### Exercise instructions
Transcribe the entries exactly; images are not part of the copy.

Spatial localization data
#####

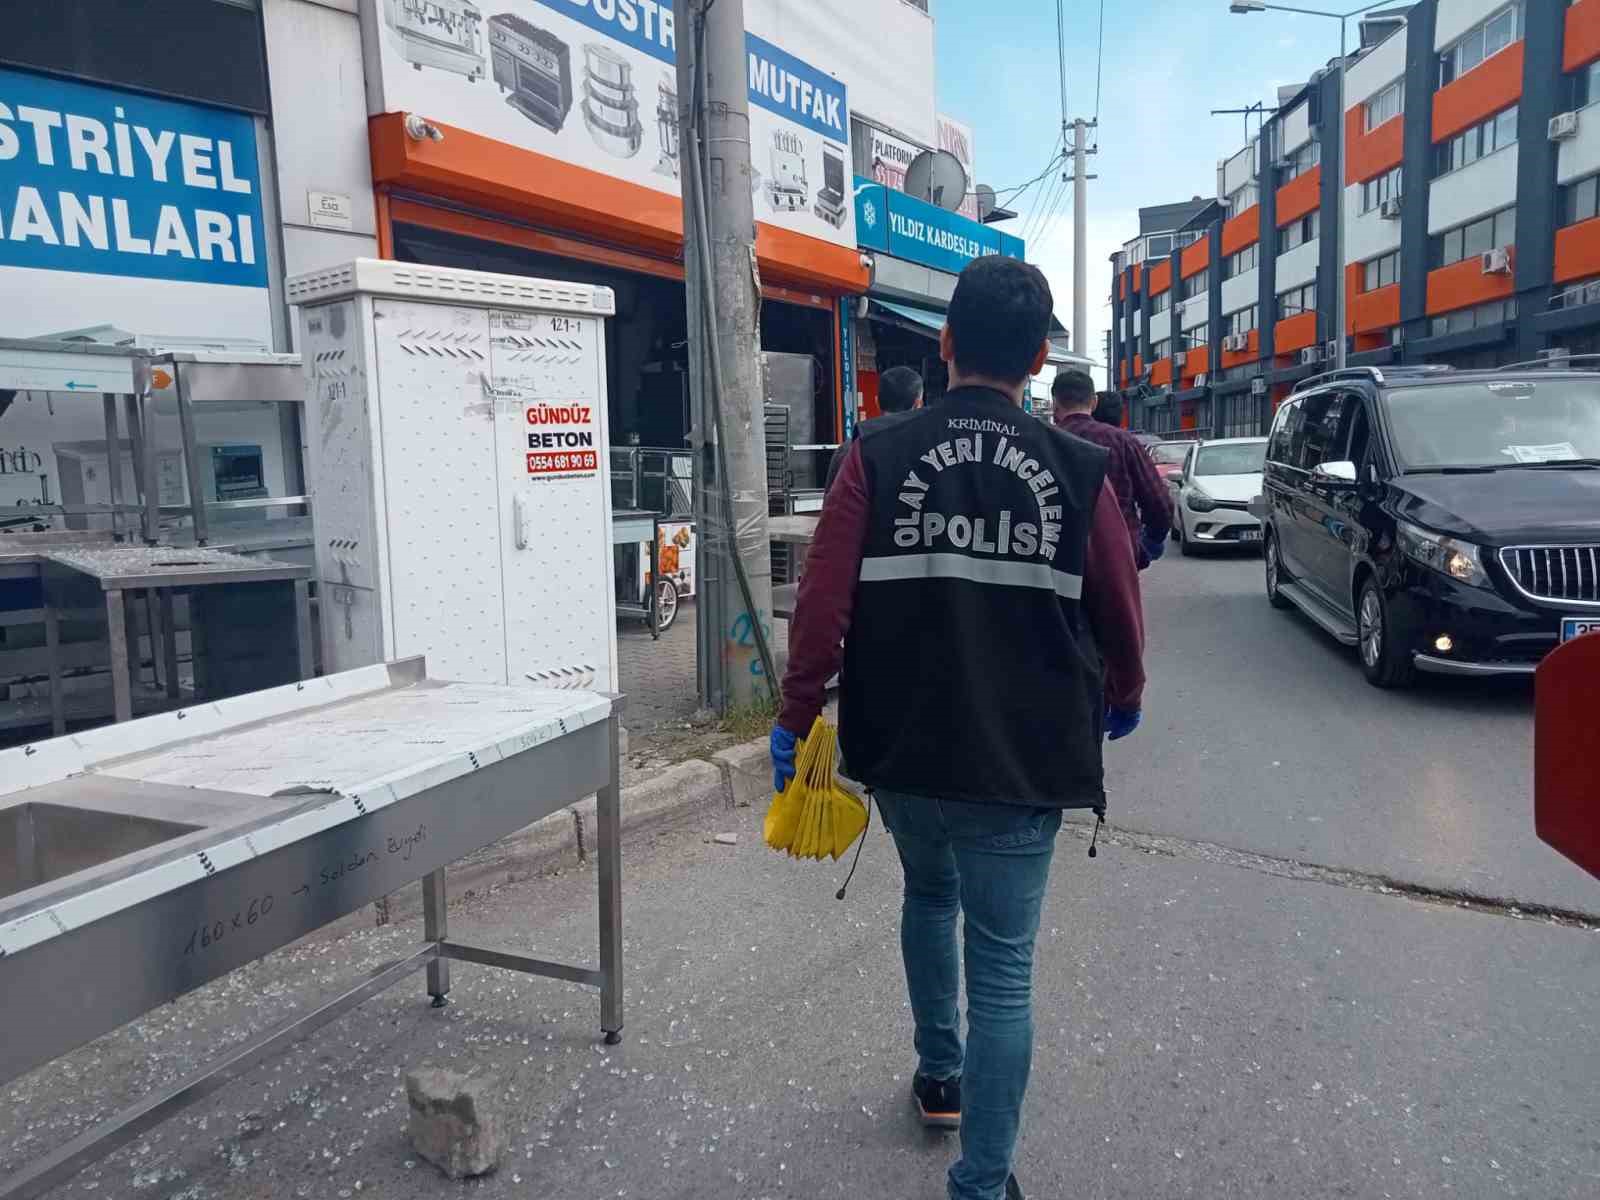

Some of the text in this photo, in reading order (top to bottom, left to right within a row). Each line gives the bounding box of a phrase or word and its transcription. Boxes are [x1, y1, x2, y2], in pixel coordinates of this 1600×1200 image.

[749, 53, 842, 131] MUTFAK
[0, 185, 256, 265] ANLARI
[889, 211, 980, 259] YILDIZ KARDEŞLER
[527, 402, 592, 425] GÜNDÜZ
[528, 431, 593, 449] BETON
[530, 455, 553, 470] 0554
[555, 455, 570, 469] 681
[571, 454, 583, 468] 90
[894, 432, 1063, 561] OLAY YERİ İNCELEME
[923, 510, 1039, 557] POLİS

#####

### Solution to this exercise
Some of the text in this photo, in reading order (top to bottom, left to right within a row). Each line gives the bounding box of a phrase or word and its transcription. Boxes are [x1, y1, x2, y2], in pixel coordinates of this 1600×1200 image.

[749, 53, 842, 131] MUTFAK
[0, 185, 256, 265] ANLARI
[889, 211, 980, 259] YILDIZ KARDEŞLER
[527, 402, 592, 425] GÜNDÜZ
[528, 431, 593, 449] BETON
[530, 455, 553, 470] 0554
[555, 455, 570, 469] 681
[571, 454, 583, 468] 90
[894, 432, 1063, 561] OLAY YERİ İNCELEME
[923, 510, 1039, 557] POLİS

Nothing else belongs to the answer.